- **What to work on**: Every entry below should be written out exactly, and no image should appear.

─── Data to process

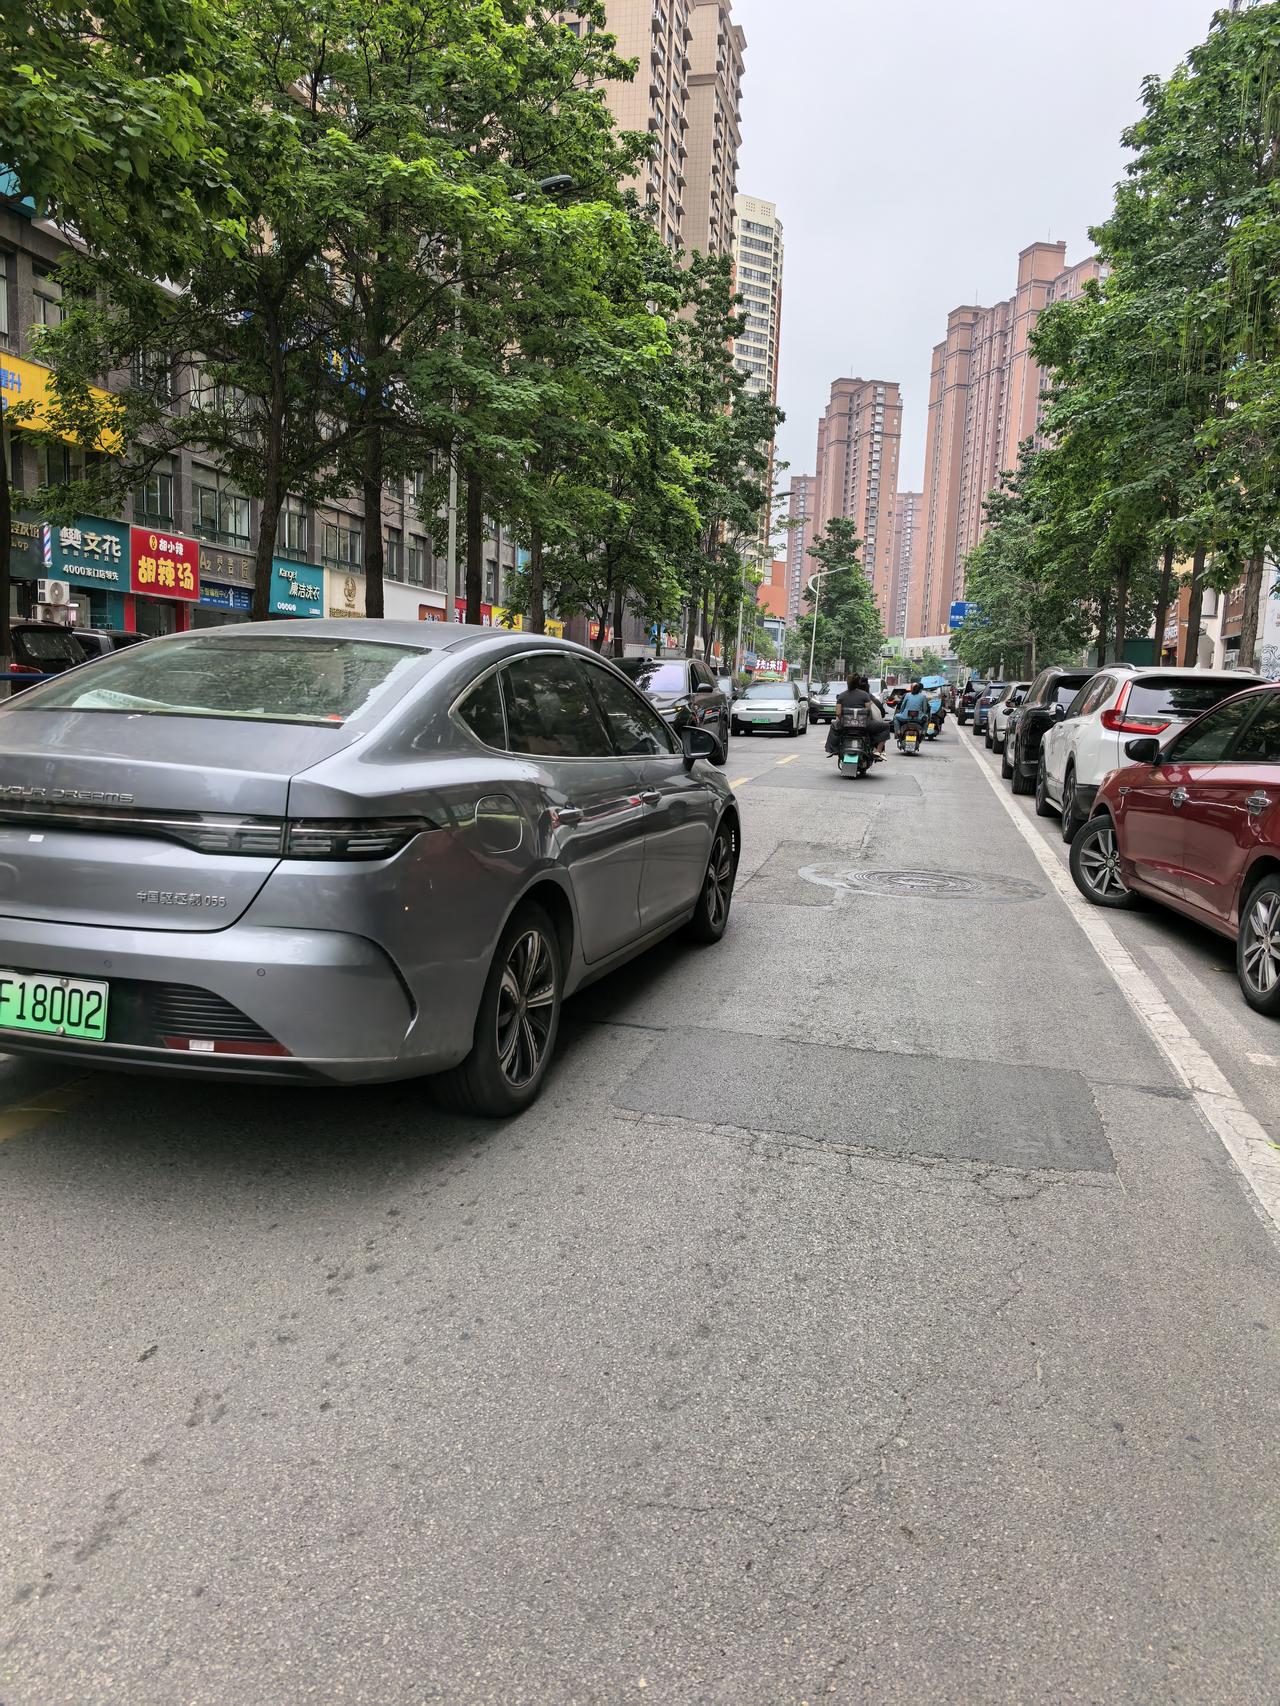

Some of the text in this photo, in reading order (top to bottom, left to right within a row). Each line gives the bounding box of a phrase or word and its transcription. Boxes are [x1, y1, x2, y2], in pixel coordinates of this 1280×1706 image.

[60, 526, 121, 557] 樊文花
[159, 538, 184, 556] 胡小辣
[63, 564, 119, 581] 4000家门店领先
[138, 555, 194, 591] 胡辣汤
[52, 788, 134, 803] DREAMS
[0, 979, 103, 1030] F18002
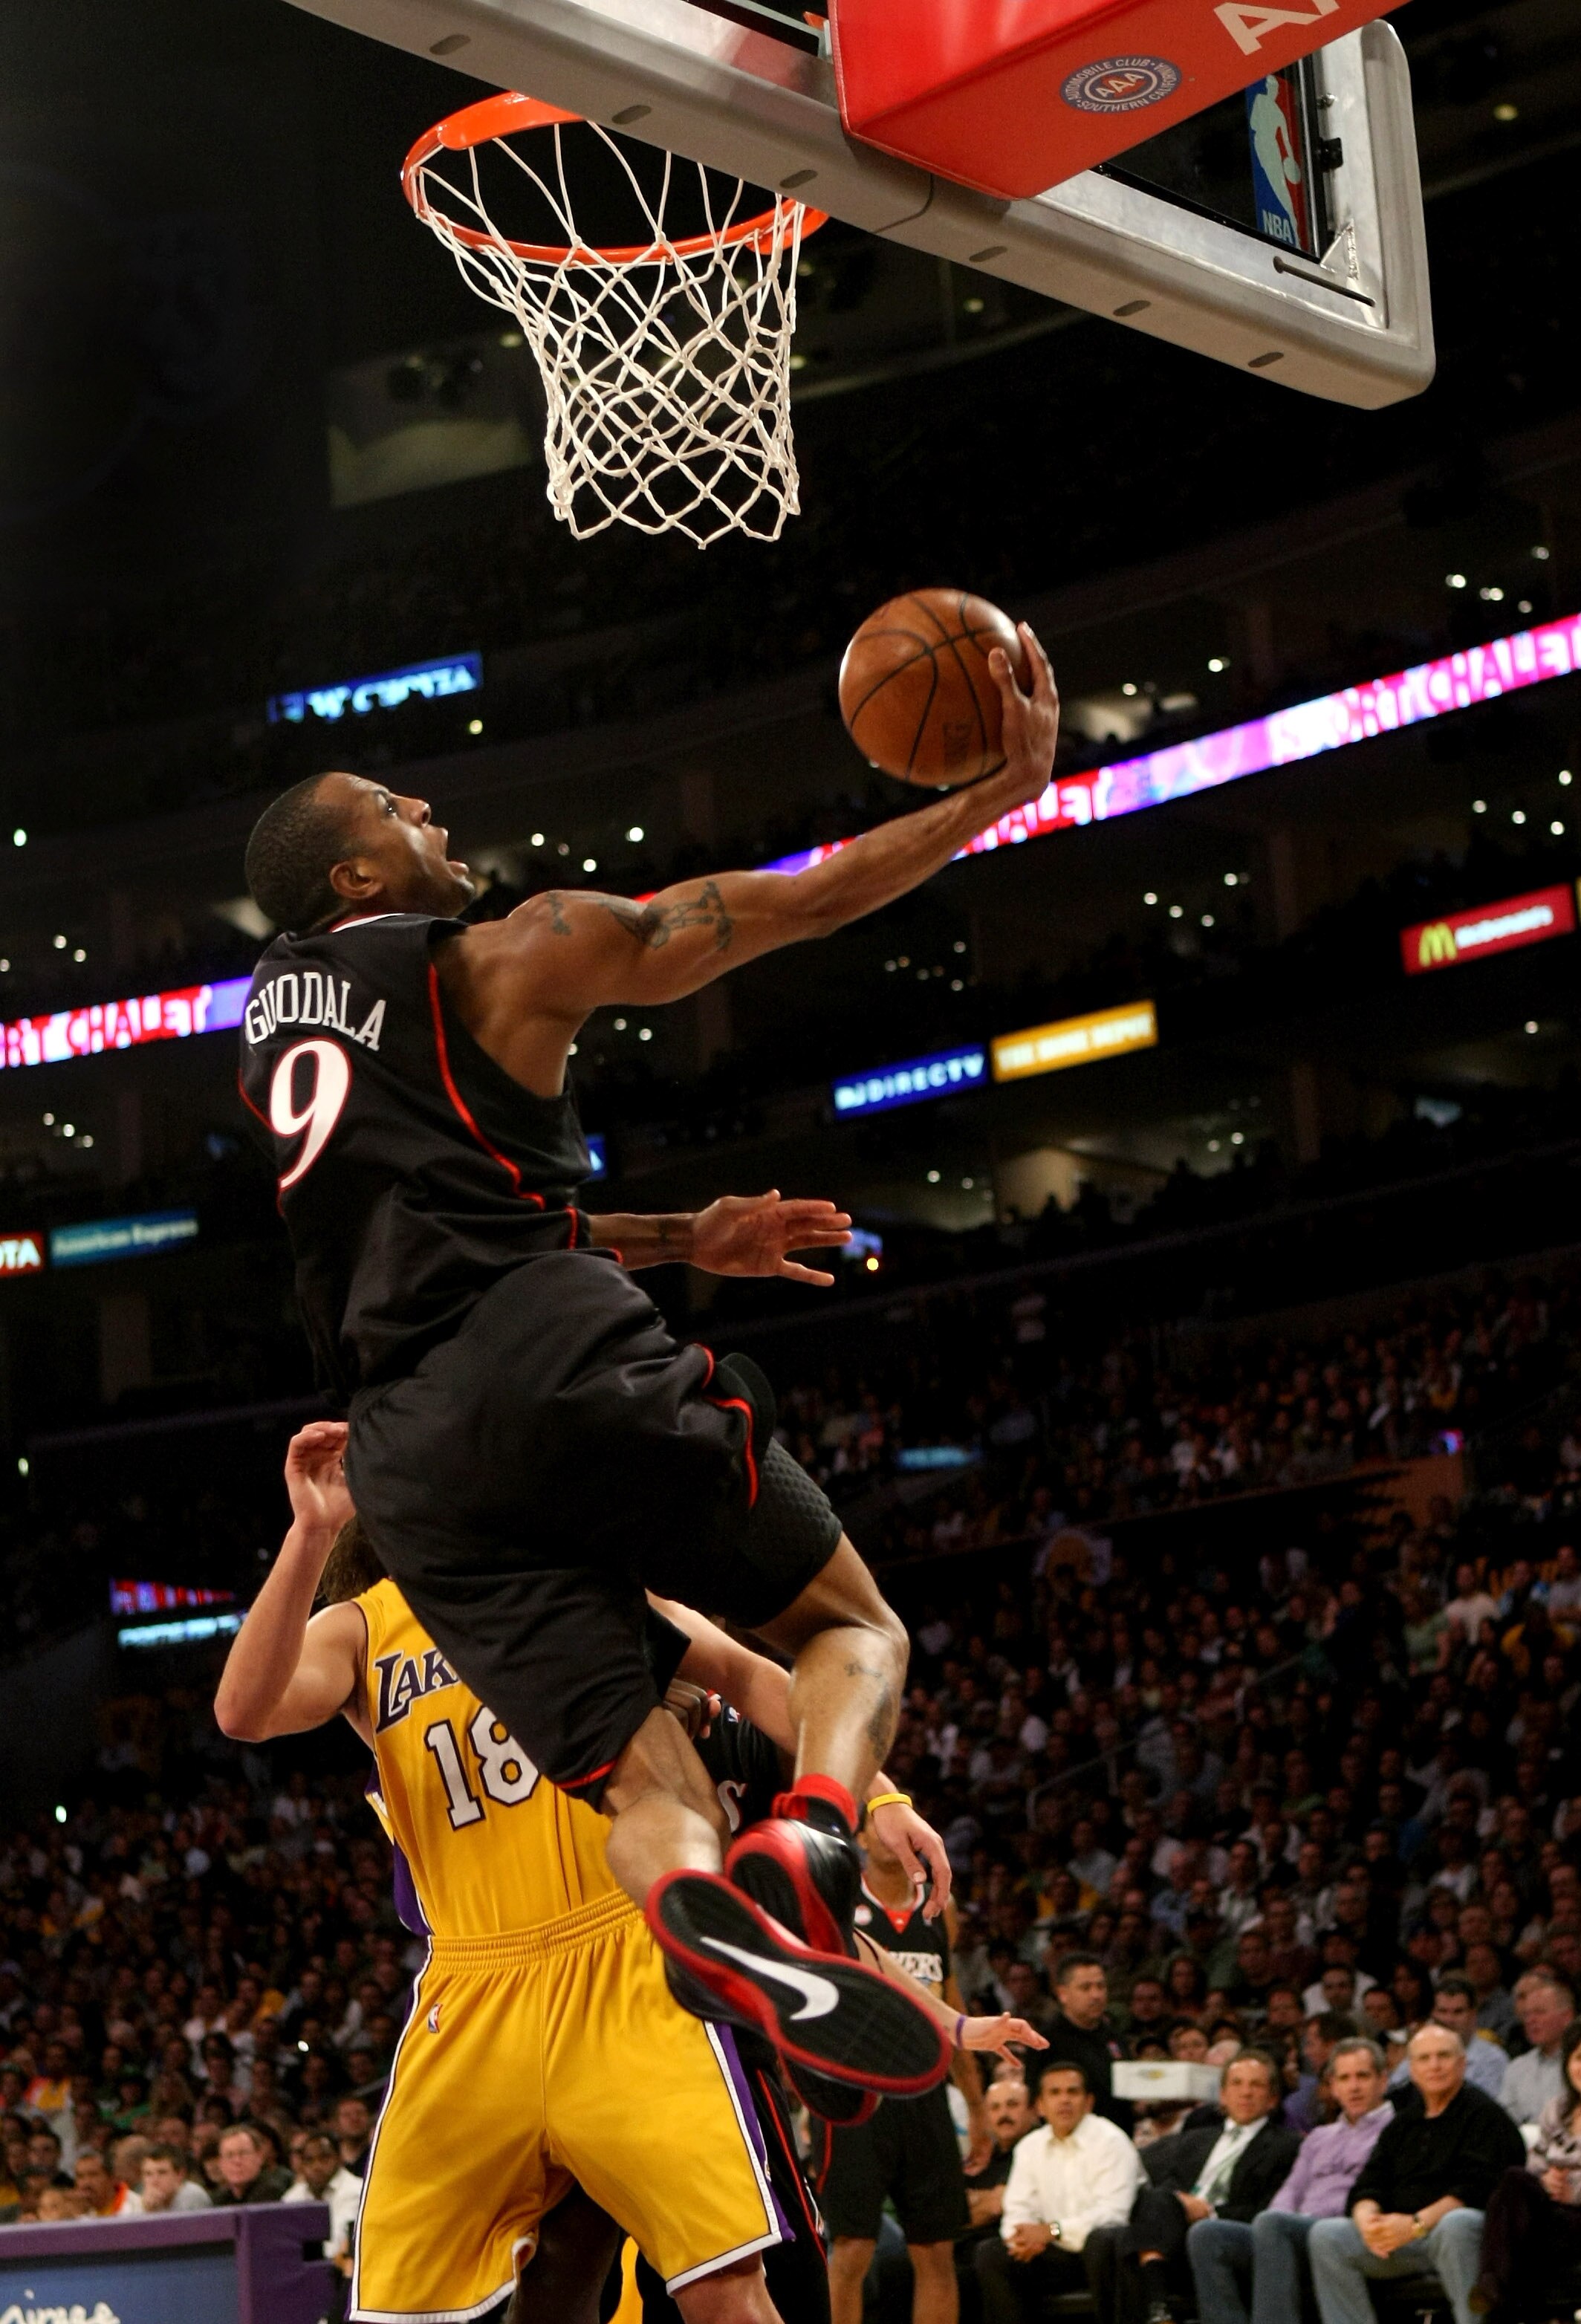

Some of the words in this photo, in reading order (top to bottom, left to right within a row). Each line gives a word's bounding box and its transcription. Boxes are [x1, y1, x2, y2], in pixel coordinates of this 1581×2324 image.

[1065, 60, 1113, 101] AUTOMOBILE
[1115, 57, 1152, 68] CLUB
[1095, 72, 1145, 98] AAA
[1077, 98, 1150, 112] SOUTHERN
[1263, 209, 1294, 245] NBA
[866, 1052, 985, 1104] DIRECTV
[270, 1036, 354, 1192] 9
[423, 1704, 544, 1832] 18

──────

- **Reply**:
Some of the text in this photo, in reading order (top to bottom, left to right within a row). Each line gives the bounding box of a phrase or word and its transcription. Boxes are [x1, y1, x2, y2], in pixel coordinates of this 1280×1706 image.

[60, 526, 121, 557] 樊文花
[159, 538, 184, 556] 胡小辣
[63, 564, 119, 581] 4000家门店领先
[138, 555, 194, 591] 胡辣汤
[52, 788, 134, 803] DREAMS
[0, 979, 103, 1030] F18002

Some of the words in this photo, in reading order (top to bottom, left to right within a row). Each line gives a word's bounding box and its transcription. Boxes are [x1, y1, x2, y2], in pixel coordinates of this 1581×2324 image.

[1065, 60, 1113, 101] AUTOMOBILE
[1115, 57, 1152, 68] CLUB
[1095, 72, 1145, 98] AAA
[1077, 98, 1150, 112] SOUTHERN
[1263, 209, 1294, 245] NBA
[866, 1052, 985, 1104] DIRECTV
[270, 1036, 354, 1192] 9
[423, 1704, 544, 1832] 18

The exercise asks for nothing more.